Muita gente ainda acha isso hoje em dia. Finca posição em certos dogmas e vai em frente como se fosse um burro em quem se coloca viseiras para que não olhe para os lados e se distraia.
Isso é conveniente para quem vive da indústria da fé, mas já se disse que pior do aquele que nunca lê livro nenhum, é aquele que lê um livro só. A história do Big Bang interessa porque é a nossa história. O que aconteceu antes dele preocupa porque é a nossa origem. Assim, nada deveria ficar fora do território especulativo da mente humana, e opor dogmas, ou assuntos que não podem ser discutidos não é defender a fé, antes é enfraquecê-la perante à mente humana, que avança sempre, a despeito de todas as portas que algumas pessoas tentam fechar na frente dela.
Ler a Bíblia como se ela fosse um código de leis, ou uma História literal do mundo, ou ainda pior, como uma cartilha doutrinária infalível, pode resultar em mentes maravilhosas como a de Jonh Milton, de Madre Teresa de Calcutá, a Irmã Dulce, e outras luminosidades mais, mas também pode gerar malucos como Jim Jones e Brigham Young, por exemplo[1] Da mesma forma pode gerar mentes como a de José Saramago, que vê na Bíblia um livro pernicioso que incentiva as guerras, a matança, o incesto, os ódios raciais e tudo quanto há de ruim de mundo.
O interessante do trabalho de Northrop Frye é exatamente o fato de que ele nos mostra uma Bíblia do ponto vista literário. Nesse trabalho, despido de toda roupagem doutrinária e ideológica, se pode perceber a riqueza do inconsciente humano, comunicada através dos mitos, das histórias, da metonímia, dos provérbios, parábolas, símbolos e visões, muitas delas intraduzíveis em linguagem humana, que compõem esse livro formidável e único, onde toda a aventura humana, desde a sua origem celular, até a sua organização em sociedade, é contada.
Frye nos mostra que histórias como a da criação e queda do homem são ecos de um desenvolvimento natural das sociedades humanas, que refletem a passagem de uma sociedade extrativista, onde o homem tirava o essencial do seu sustento da natureza, para o momento em que, premido pelo aumento populacional, foi ela obrigada a desenvolver a agricultura e o pastoreio para sobreviver.
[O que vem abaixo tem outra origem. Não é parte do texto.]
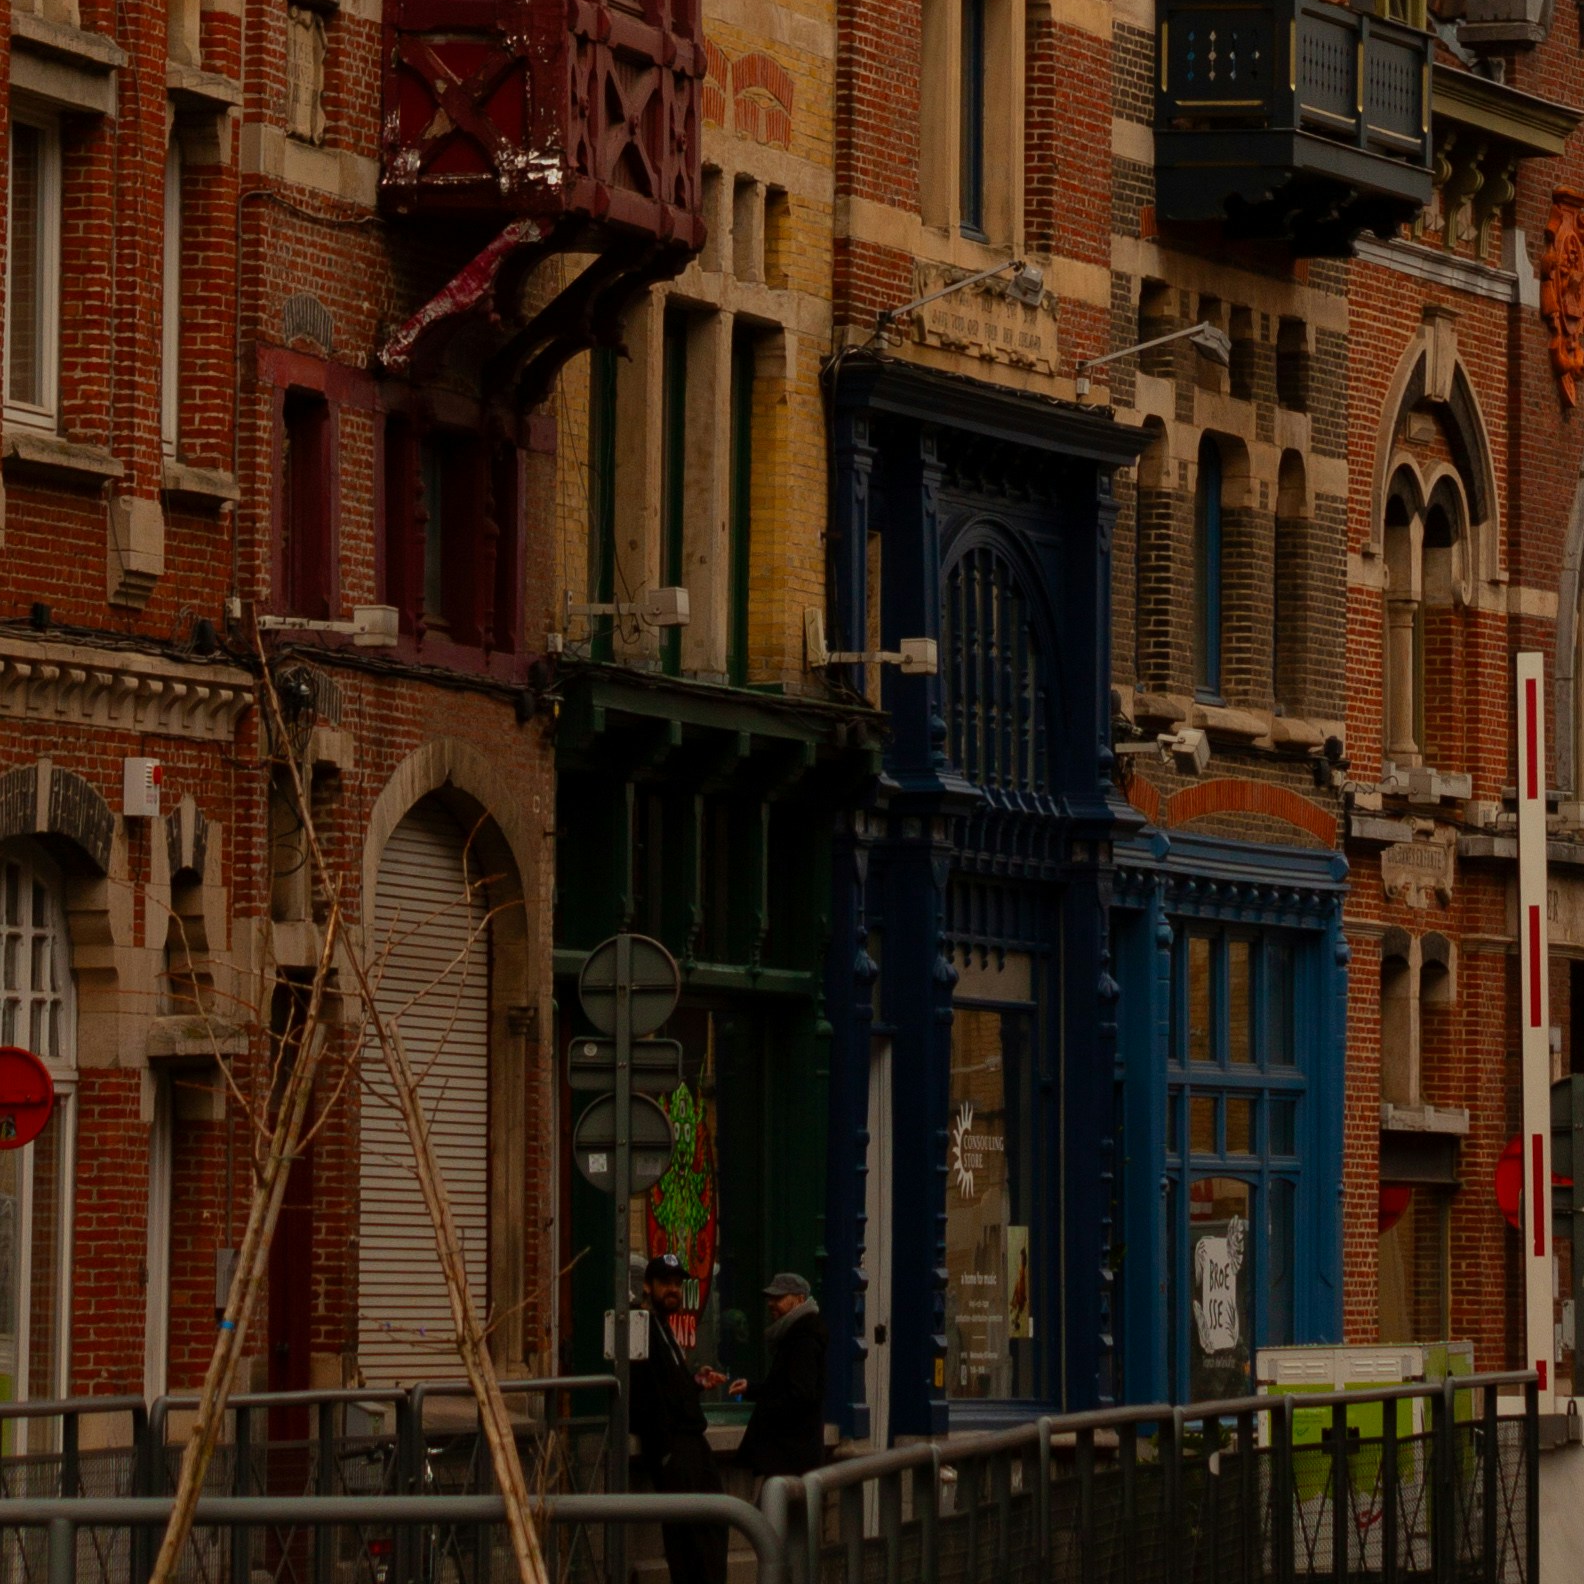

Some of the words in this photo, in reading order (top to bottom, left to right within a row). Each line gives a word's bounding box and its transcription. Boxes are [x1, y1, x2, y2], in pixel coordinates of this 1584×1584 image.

[963, 1135, 1004, 1151] CONSOULING
[964, 1153, 983, 1169] STORE
[1209, 1259, 1230, 1293] BROE
[1209, 1299, 1223, 1330] SSE
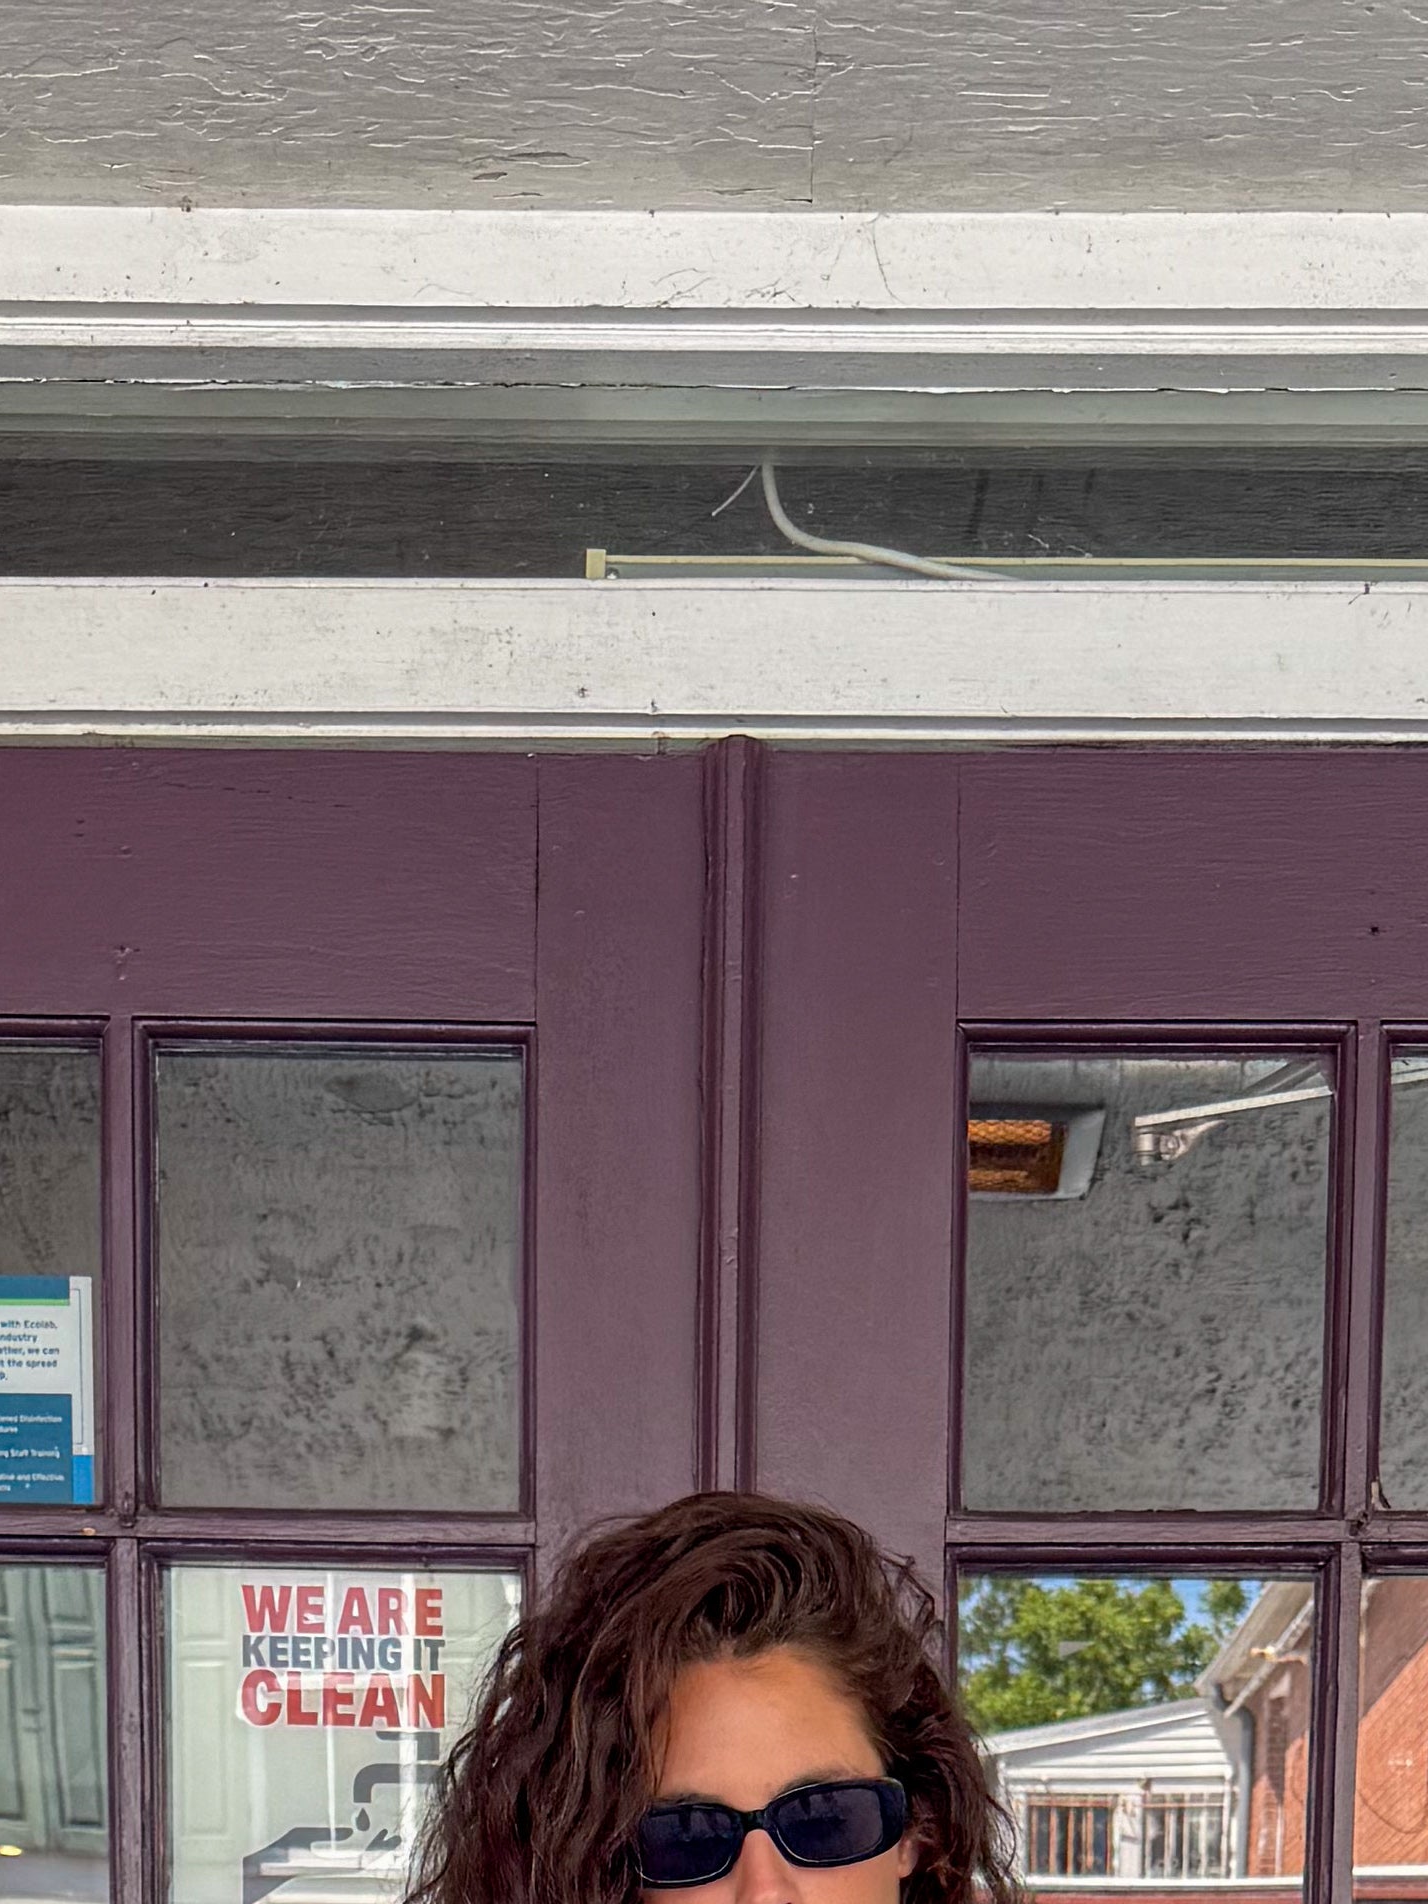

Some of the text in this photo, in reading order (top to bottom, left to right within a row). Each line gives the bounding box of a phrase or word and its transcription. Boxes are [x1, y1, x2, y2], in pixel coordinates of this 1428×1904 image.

[1, 1320, 21, 1328] with
[7, 1359, 23, 1367] the
[25, 1359, 57, 1368] spread
[242, 1585, 443, 1636] WE ARE
[243, 1637, 445, 1671] KEEPING IT
[241, 1670, 445, 1727] CLEAN
Assim, a história de Cain e Abel, por exemplo, é uma metáfora do conflito entre a agricultura, atividade que necessitava de terras agricultáveis, e o pastoreio, que precisava de espaço aberto para pasto. Esse fato, que reflete o avanço da civilização e sua urbanização, tem sido, amiúde, o responsável pelos grandes conflitos da história e sobrevive ainda hoje, até no interior do Brasil, onde a competição entre as grandes fazendas de gado e o assentamento de colonos tem rendido incontáveis mortos, como já aconteceu nos Estados Unidos, no passado.
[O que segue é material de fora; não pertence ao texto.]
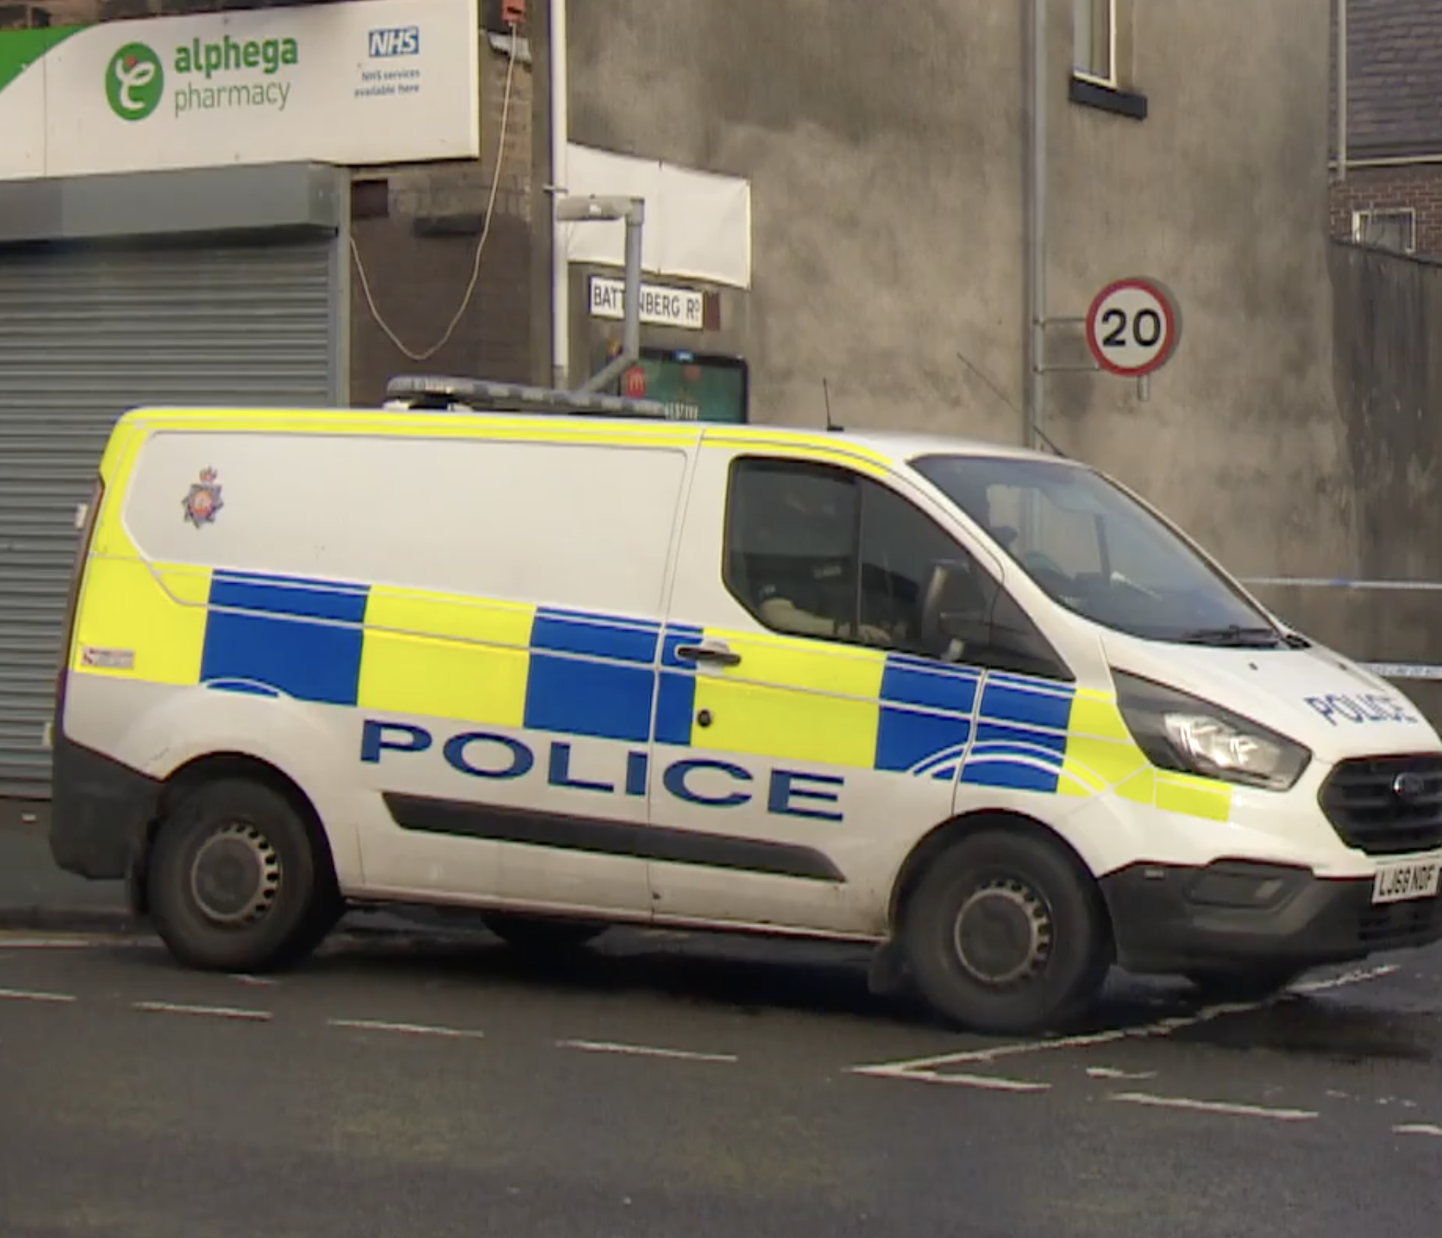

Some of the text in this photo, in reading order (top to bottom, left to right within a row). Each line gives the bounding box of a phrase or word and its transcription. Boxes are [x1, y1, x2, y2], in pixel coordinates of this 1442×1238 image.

[174, 35, 298, 79] alphega
[370, 28, 417, 56] NHS
[354, 83, 419, 97] available here
[362, 69, 420, 81] NHS services
[175, 81, 290, 118] pharmacy
[594, 285, 680, 319] BATTNBERG
[1101, 308, 1161, 347] 20
[1303, 694, 1419, 726] POLICE
[360, 719, 845, 822] POLICE
O que é a terra prometida dos israelitas senão um arquétipo da utopia longamente sonhada pelo homem em todos os tempos? Quem não sonhou um dia com uma terra que mana leite e mel─ um lugar onde a vida possa ser vivida sem conflitos─, lugar esse que pode ser um sítio, uma casa de praia, uma aposentadoria, uma casinha pequenina na serra, etc.? Dessa forma, toda a saga bíblica do povo de Israel pode ser vista assim como uma longa e eterna procura pela realização desse arquétipo que está na mente inconsciente da humanidade. Destarte, a terra prometida, tanto a de Abraão, como a de Moisés, os reinos de Davi e Salomão, a restauração de Zorobabel e a própria idéia do reino messiânico que se cristalizou na promessa cristã, são, na verdade, a idealização da utopia.
 
A Bíblia, do ponto de vista estritamente literário, reflete a totalidade do inconsciente humano codificado em mitos, histórias, aforismos, metáforas, metonímias, provérbios, que juntos, fornecem um celeiro infinito de arquétipos para a nossa literatura. Praticamente, todos os enredos literários que conhecemos já estão, de alguma forma, presentes nela. 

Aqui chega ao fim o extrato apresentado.